Stored items from a collection
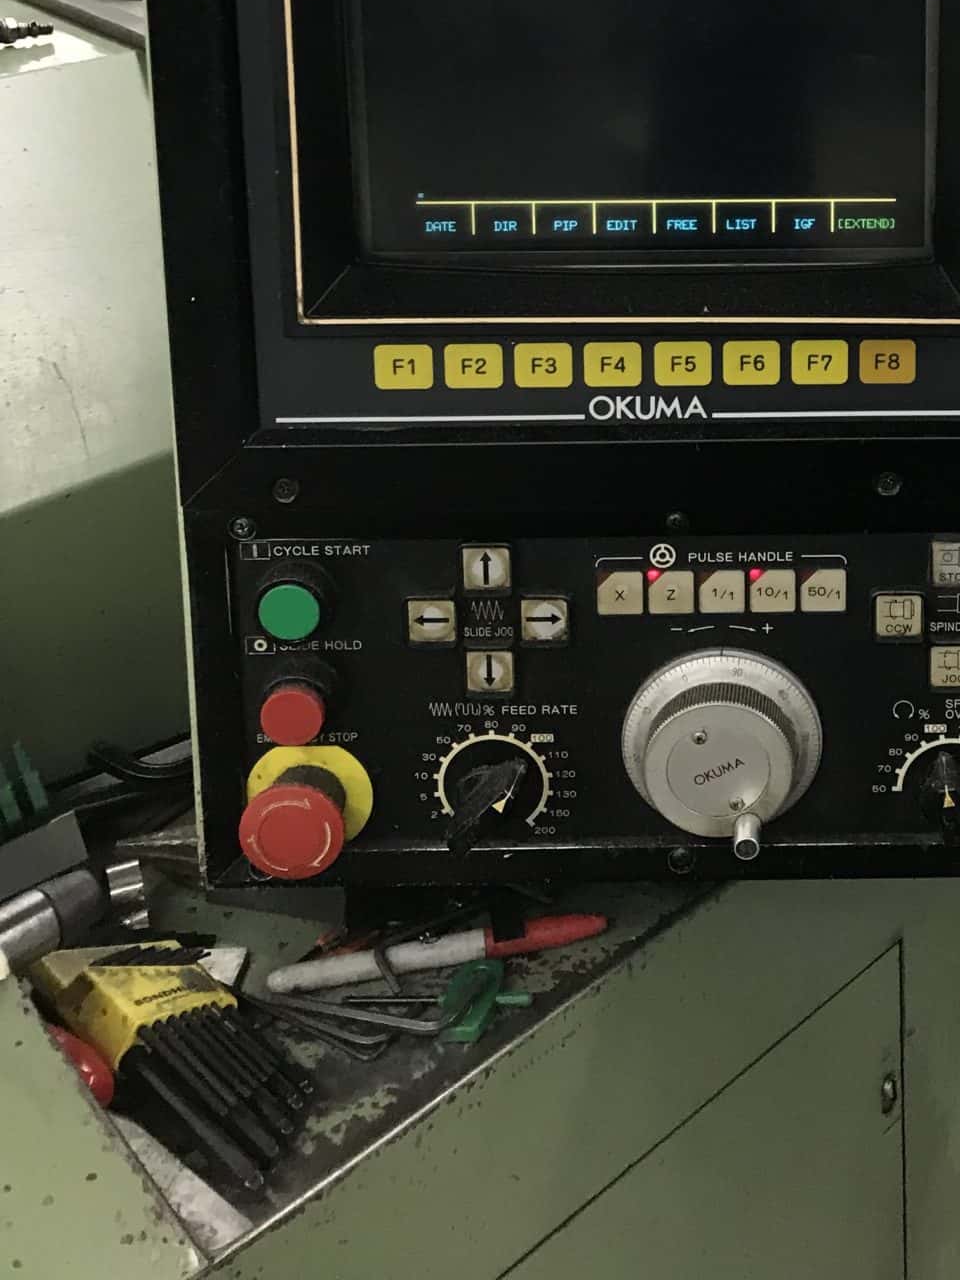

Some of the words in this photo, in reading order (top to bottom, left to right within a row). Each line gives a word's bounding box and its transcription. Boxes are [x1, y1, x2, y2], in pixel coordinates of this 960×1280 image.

[425, 221, 457, 232] DATE
[494, 220, 518, 232] DIR
[553, 220, 578, 231] PIP
[606, 219, 638, 231] EDIT
[666, 219, 697, 231] FREE
[726, 219, 757, 230] LIST
[794, 218, 816, 230] IGF
[392, 358, 415, 375] F1
[461, 358, 487, 375] F2
[531, 357, 557, 374] F3
[600, 356, 626, 373] F4
[671, 356, 696, 372] F5
[740, 355, 765, 371] F6
[807, 354, 833, 371] F7
[874, 353, 900, 370] F8
[588, 394, 708, 420] OKUMA
[273, 544, 321, 557] CYCLE
[325, 544, 371, 556] START
[688, 552, 733, 563] PULSE
[738, 551, 793, 562] HANDLE
[615, 589, 625, 600] X
[666, 589, 676, 600] Z
[712, 588, 735, 600] 1/1
[756, 587, 790, 600] 10/1
[808, 586, 841, 600] 50/1
[464, 626, 492, 637] SLIDE
[494, 626, 513, 637] JOG
[885, 624, 913, 633] CCW
[325, 640, 362, 650] HOLD
[501, 705, 536, 715] FEED
[541, 705, 578, 715] RATE
[328, 732, 358, 742] STOP
[694, 758, 745, 786] OKUMA
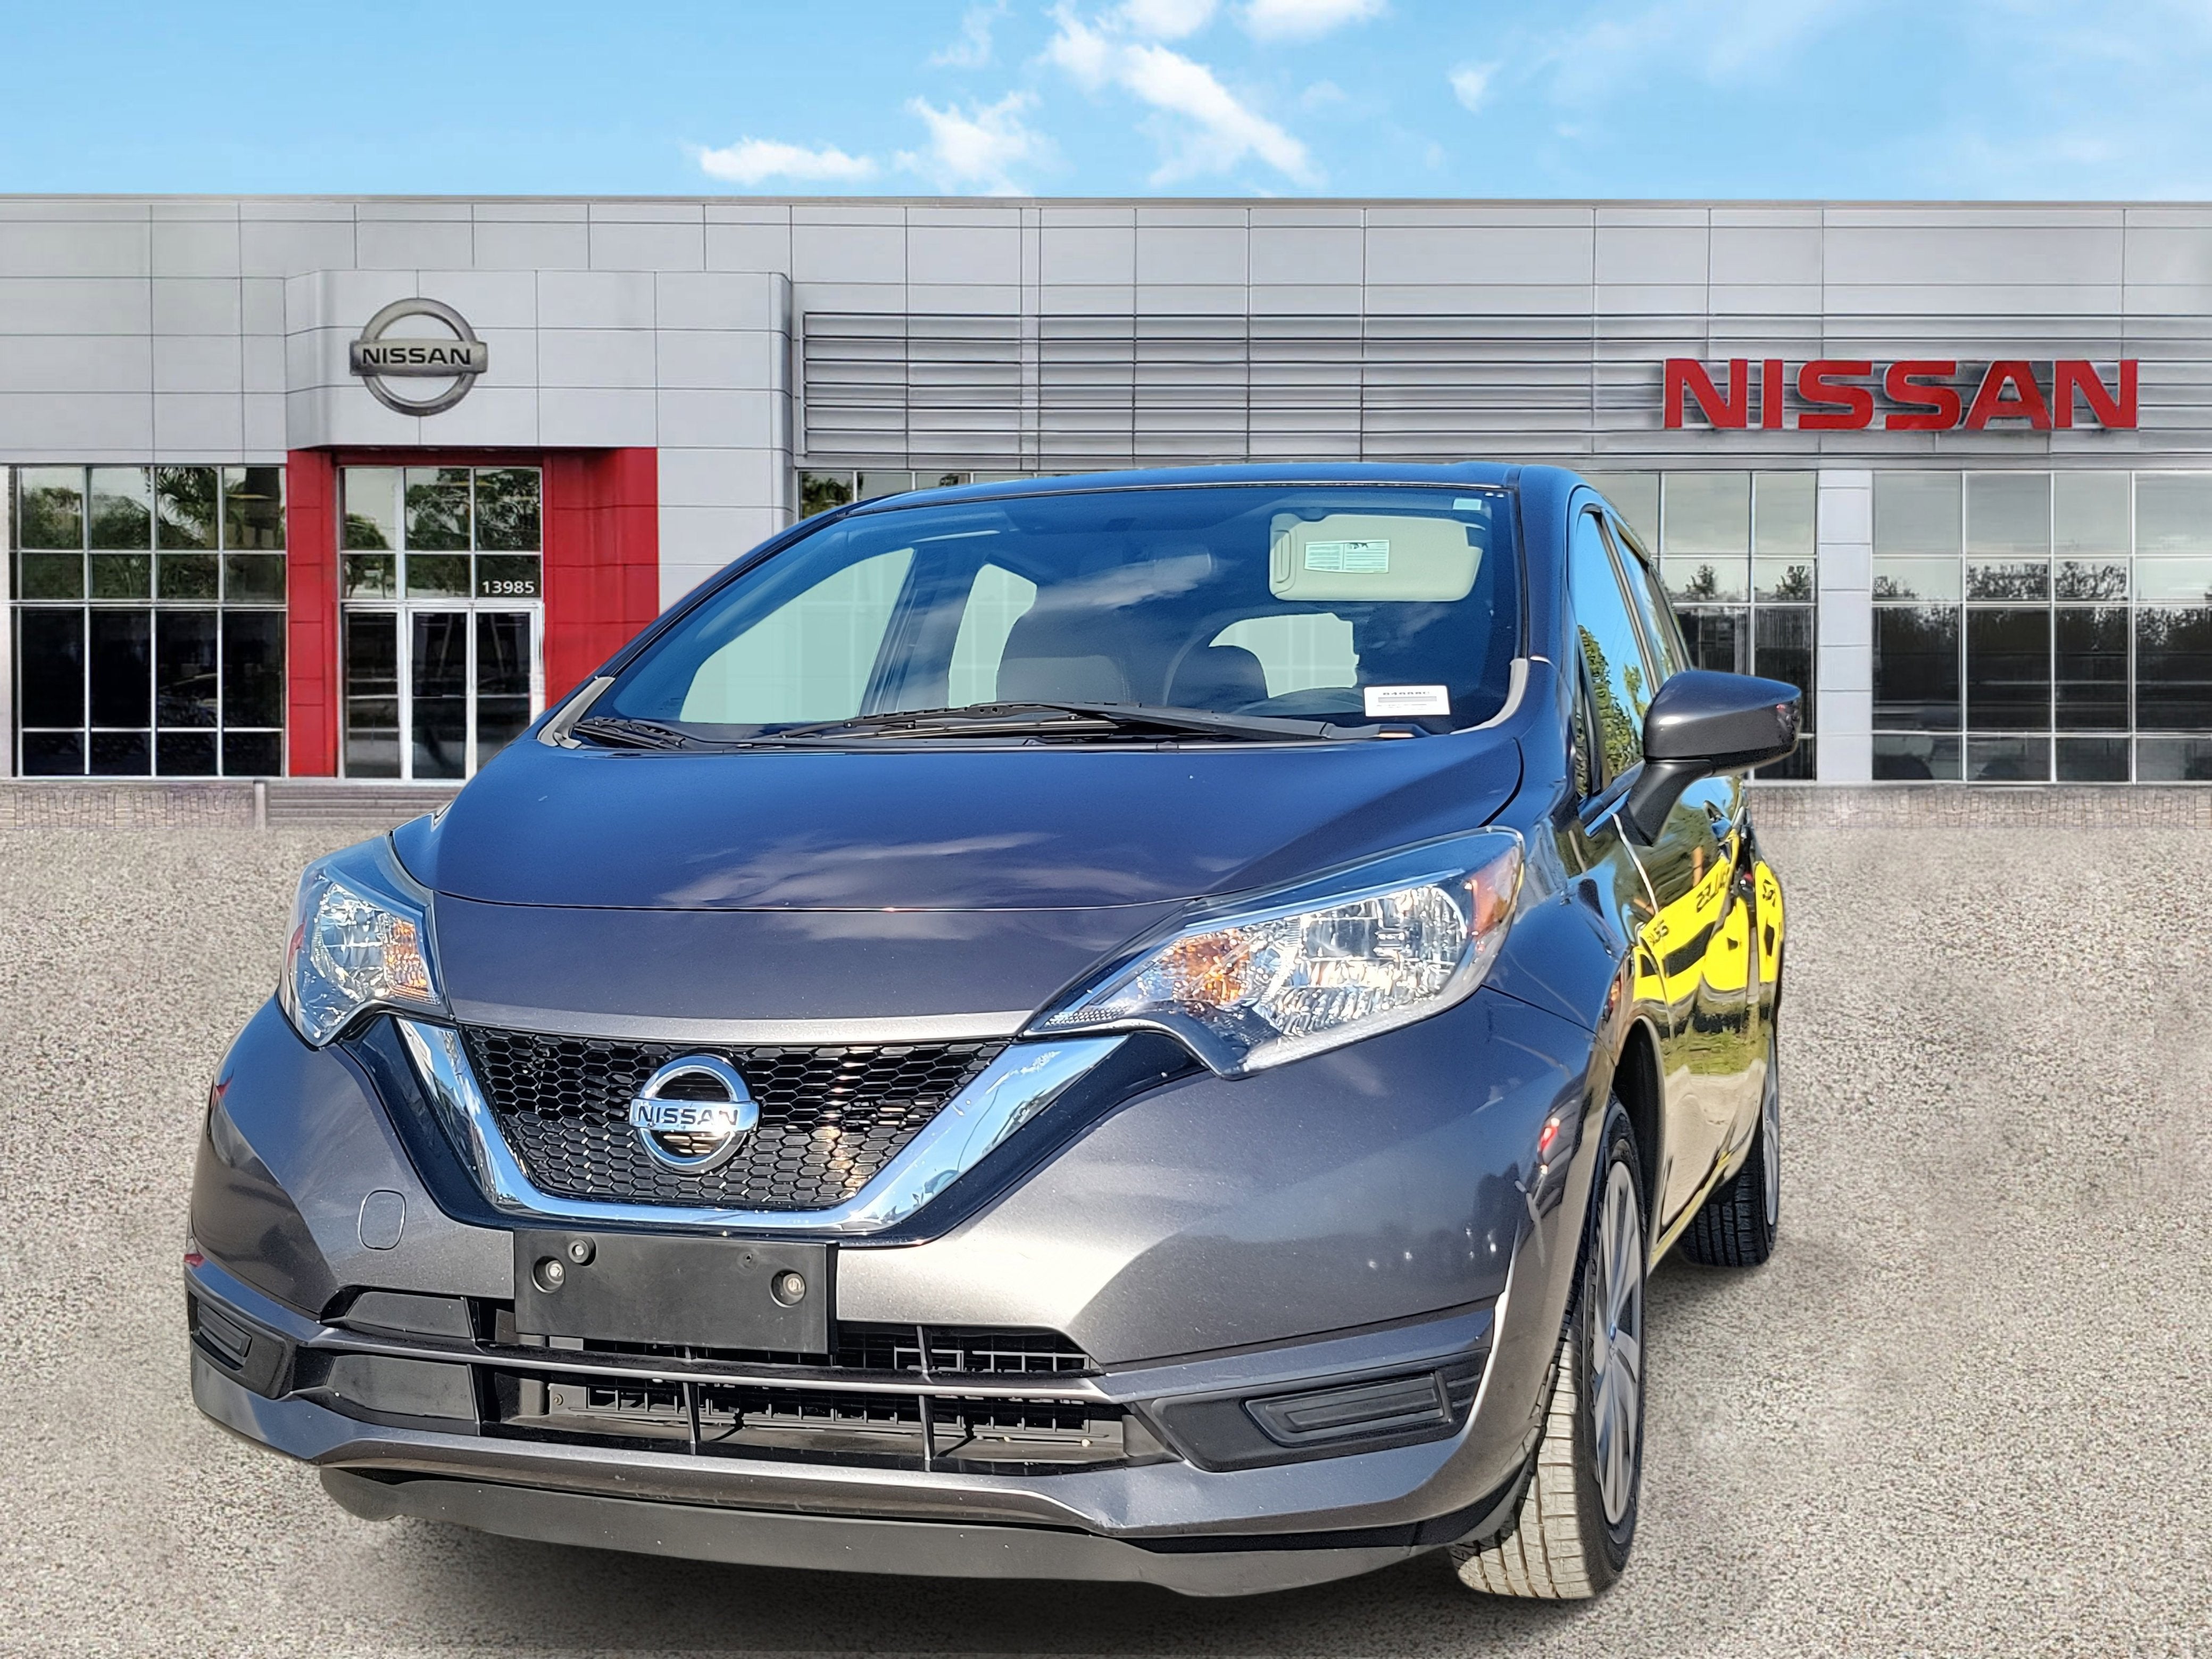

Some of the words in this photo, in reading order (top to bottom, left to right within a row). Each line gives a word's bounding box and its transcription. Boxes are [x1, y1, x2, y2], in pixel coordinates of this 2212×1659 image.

[362, 348, 471, 364] NISSAN
[1663, 358, 2139, 430] NISSAN
[482, 580, 535, 594] 13985
[638, 1106, 738, 1126] NISSAN
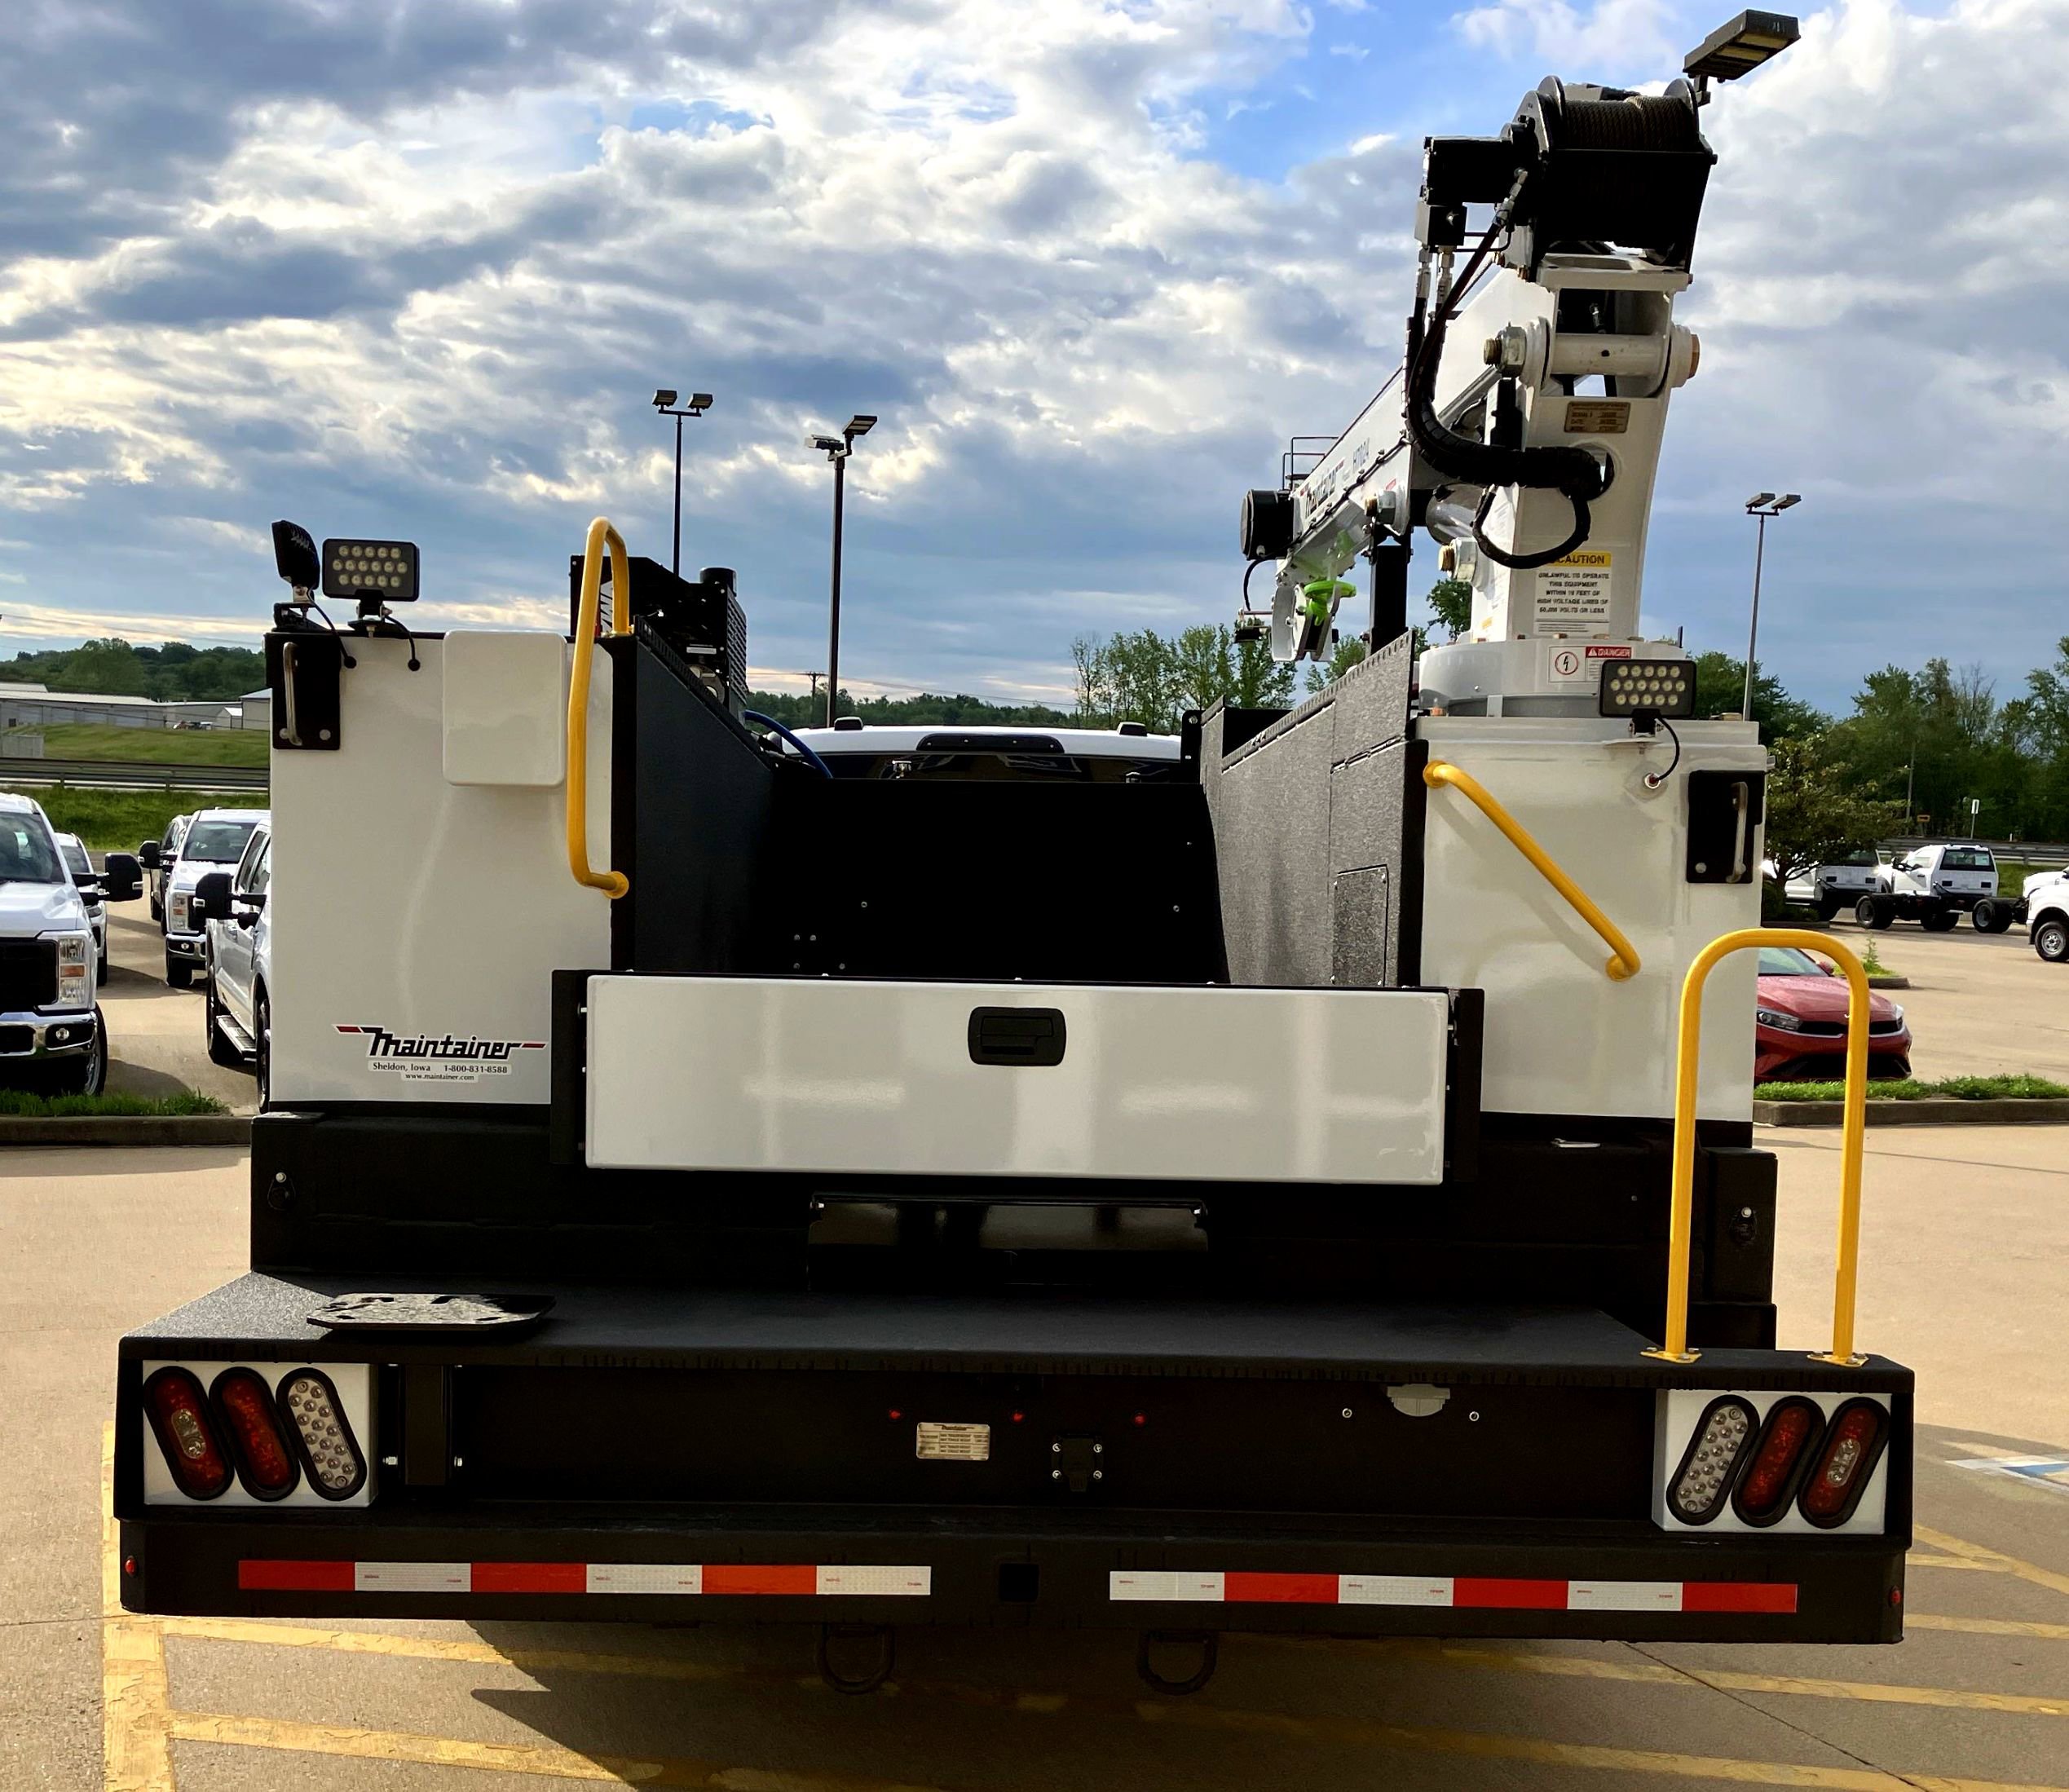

» **Instructions to follow**: Exact copy, no pictures: set down all the entries again as they stand.

» **Solution below**:
Some of the words in this photo, in reading order (top to bottom, left to right within a row). Each line gives a word's bounding box and its transcription. Boxes are [x1, y1, x2, y2], in pixel coordinates of this 960×1280 image.

[425, 221, 457, 232] DATE
[494, 220, 518, 232] DIR
[553, 220, 578, 231] PIP
[606, 219, 638, 231] EDIT
[666, 219, 697, 231] FREE
[726, 219, 757, 230] LIST
[794, 218, 816, 230] IGF
[392, 358, 415, 375] F1
[461, 358, 487, 375] F2
[531, 357, 557, 374] F3
[600, 356, 626, 373] F4
[671, 356, 696, 372] F5
[740, 355, 765, 371] F6
[807, 354, 833, 371] F7
[874, 353, 900, 370] F8
[588, 394, 708, 420] OKUMA
[273, 544, 321, 557] CYCLE
[325, 544, 371, 556] START
[688, 552, 733, 563] PULSE
[738, 551, 793, 562] HANDLE
[615, 589, 625, 600] X
[666, 589, 676, 600] Z
[712, 588, 735, 600] 1/1
[756, 587, 790, 600] 10/1
[808, 586, 841, 600] 50/1
[464, 626, 492, 637] SLIDE
[494, 626, 513, 637] JOG
[885, 624, 913, 633] CCW
[325, 640, 362, 650] HOLD
[501, 705, 536, 715] FEED
[541, 705, 578, 715] RATE
[328, 732, 358, 742] STOP
[694, 758, 745, 786] OKUMA

Some of the words in this photo, in reading order (top to bottom, left to right within a row). Each line gives a word's bounding box and its transcription. Boxes are [x1, y1, x2, y2], in pixel coordinates of this 2212×1659 image.

[362, 348, 471, 364] NISSAN
[1663, 358, 2139, 430] NISSAN
[482, 580, 535, 594] 13985
[638, 1106, 738, 1126] NISSAN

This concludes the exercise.